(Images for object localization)
---------------
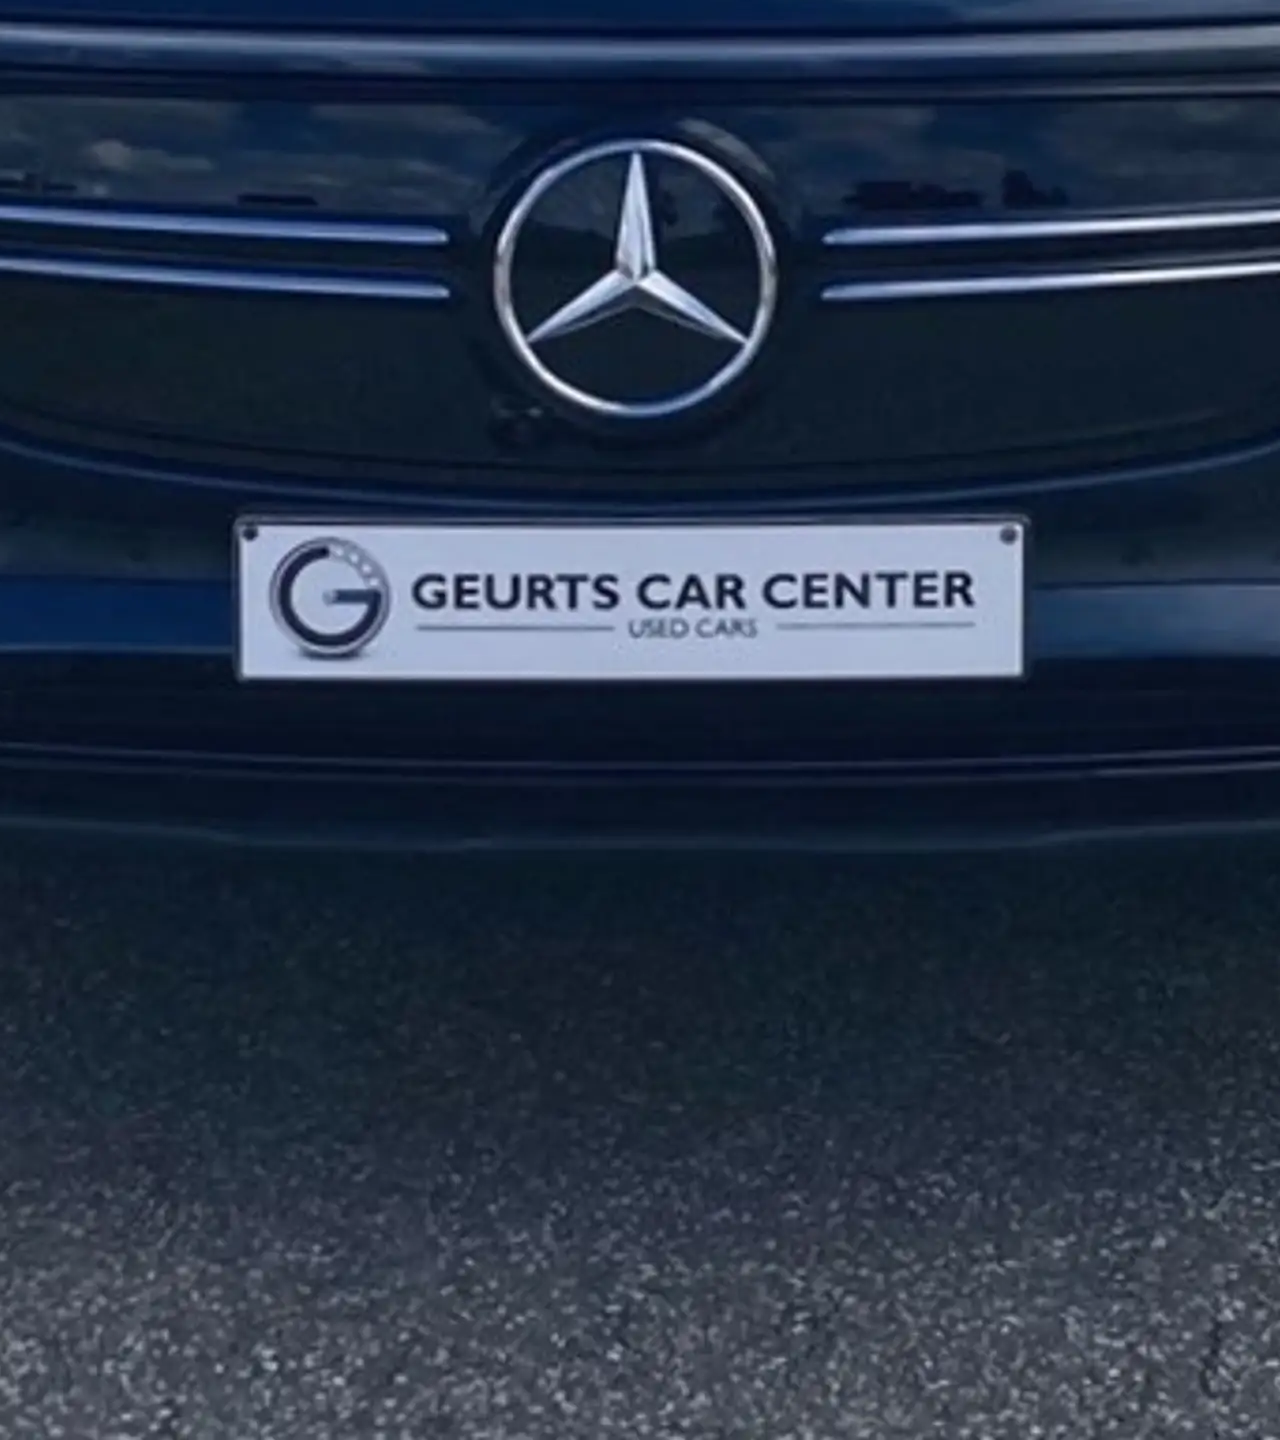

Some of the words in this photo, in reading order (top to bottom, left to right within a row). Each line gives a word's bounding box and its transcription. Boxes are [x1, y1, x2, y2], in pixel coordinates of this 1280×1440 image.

[411, 573, 621, 610] GEURTS
[636, 573, 746, 610] CAR
[762, 571, 975, 609] CENTER
[628, 618, 689, 639] USED
[694, 617, 758, 638] CARS
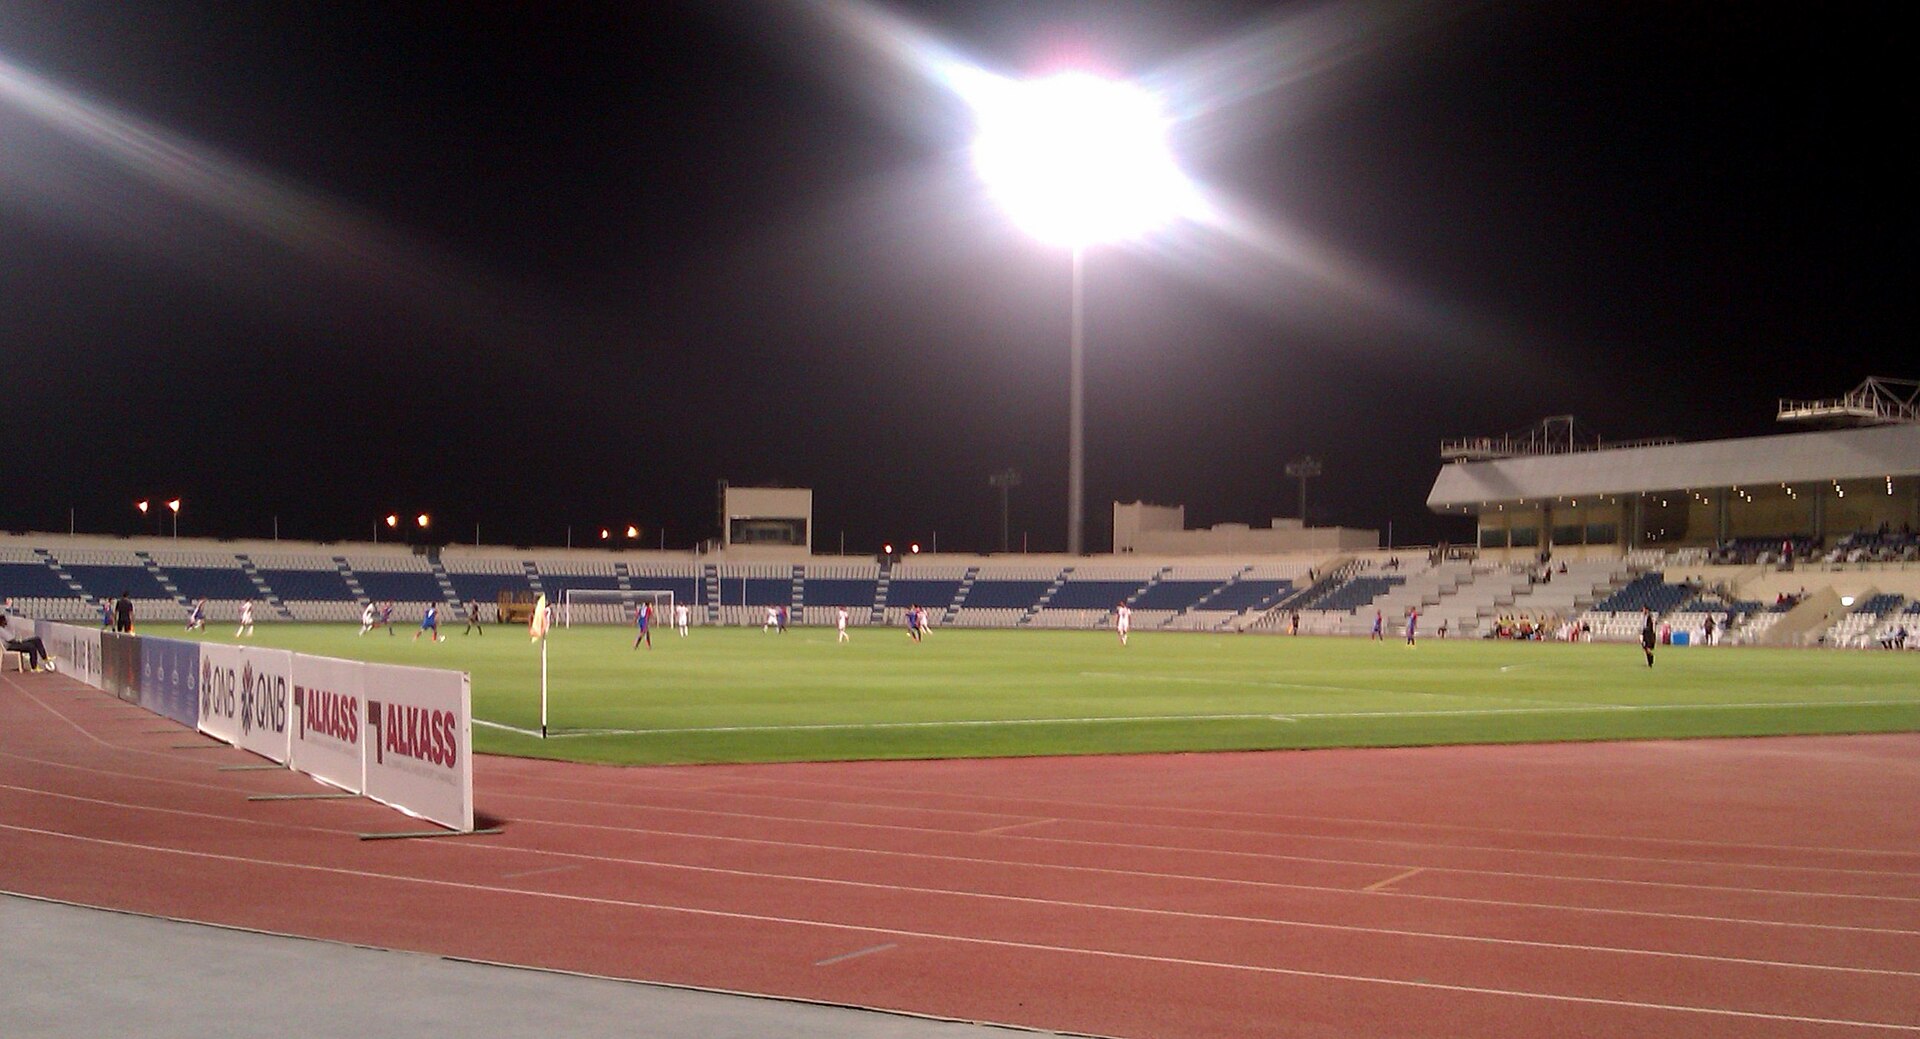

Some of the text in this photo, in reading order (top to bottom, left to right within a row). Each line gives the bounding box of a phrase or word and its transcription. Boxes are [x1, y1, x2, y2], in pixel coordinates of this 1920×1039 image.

[213, 665, 235, 718] QNB
[256, 673, 286, 733] QNB
[307, 688, 358, 744] ALKASS
[386, 703, 457, 768] ALKASS
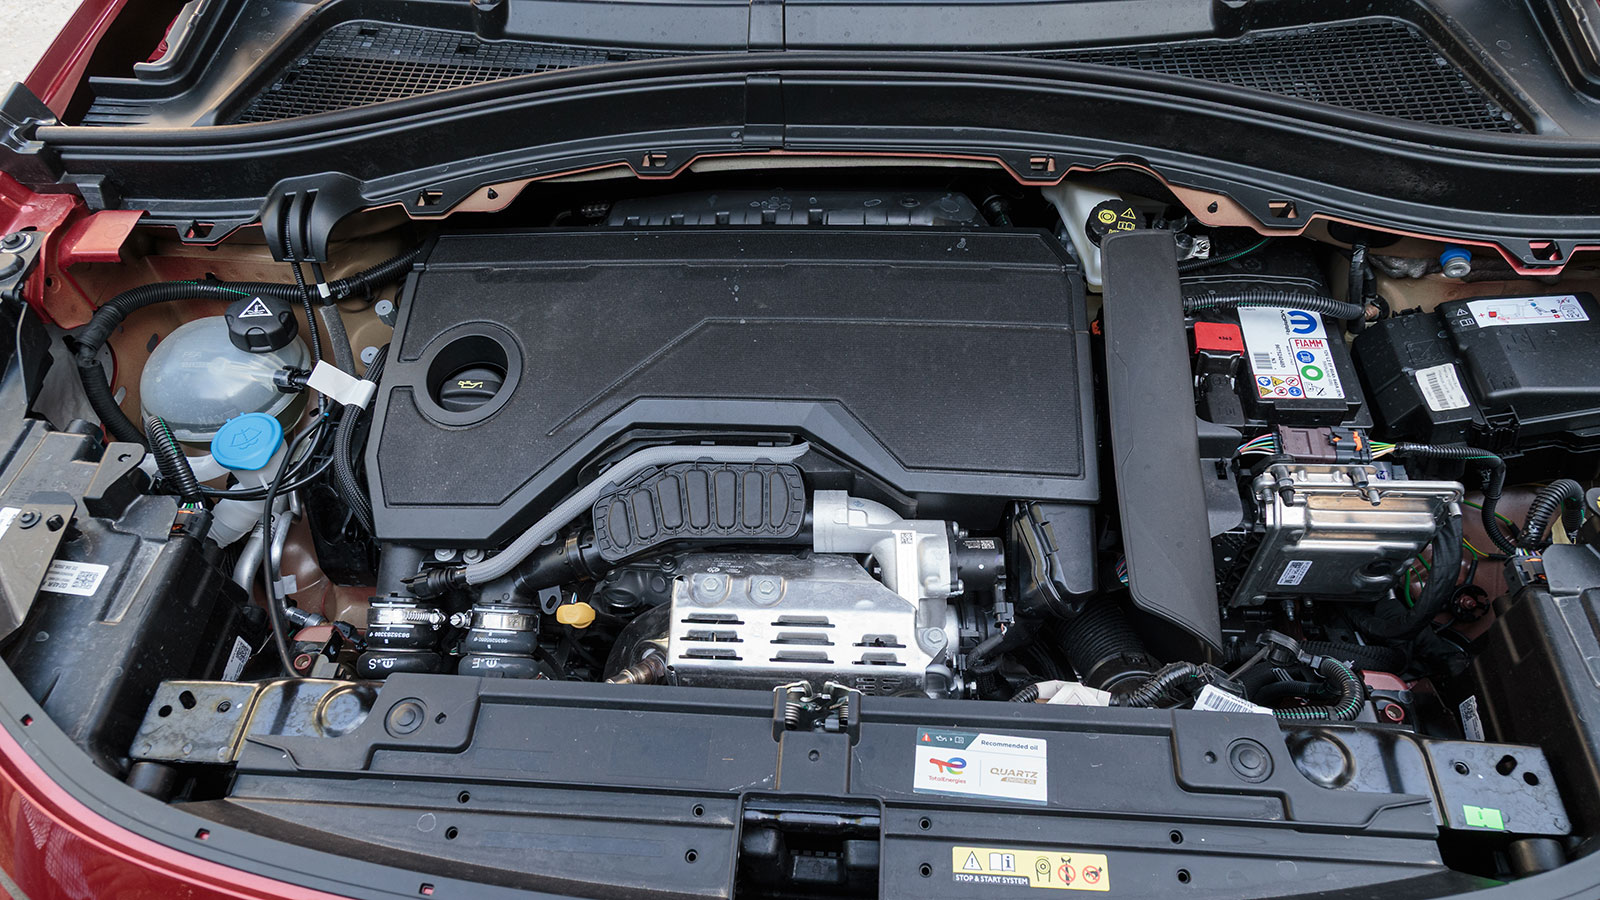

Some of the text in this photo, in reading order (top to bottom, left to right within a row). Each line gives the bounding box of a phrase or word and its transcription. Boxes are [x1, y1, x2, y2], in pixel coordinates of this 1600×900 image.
---------------
REQUIRED ACTION:
If a line falls between the one containing "this 1920×1039 image." and the last line of the entries above, both included, reproduce it exactly; leave the pictures out.

ANSWER SPACE:
Some of the text in this photo, in reading order (top to bottom, left to right within a row). Each line gives the bounding box of a phrase or word and its transcription. Boxes are [x1, y1, x2, y2], in pixel coordinates of this 1920×1039 image.

[213, 665, 235, 718] QNB
[256, 673, 286, 733] QNB
[307, 688, 358, 744] ALKASS
[386, 703, 457, 768] ALKASS

Some of the text in this photo, in reading order (top to bottom, left to right within a row). Each line gives the bounding box of a phrase or word and its transcription. Boxes are [x1, y1, x2, y2], in pixel coordinates of this 1600×900 image.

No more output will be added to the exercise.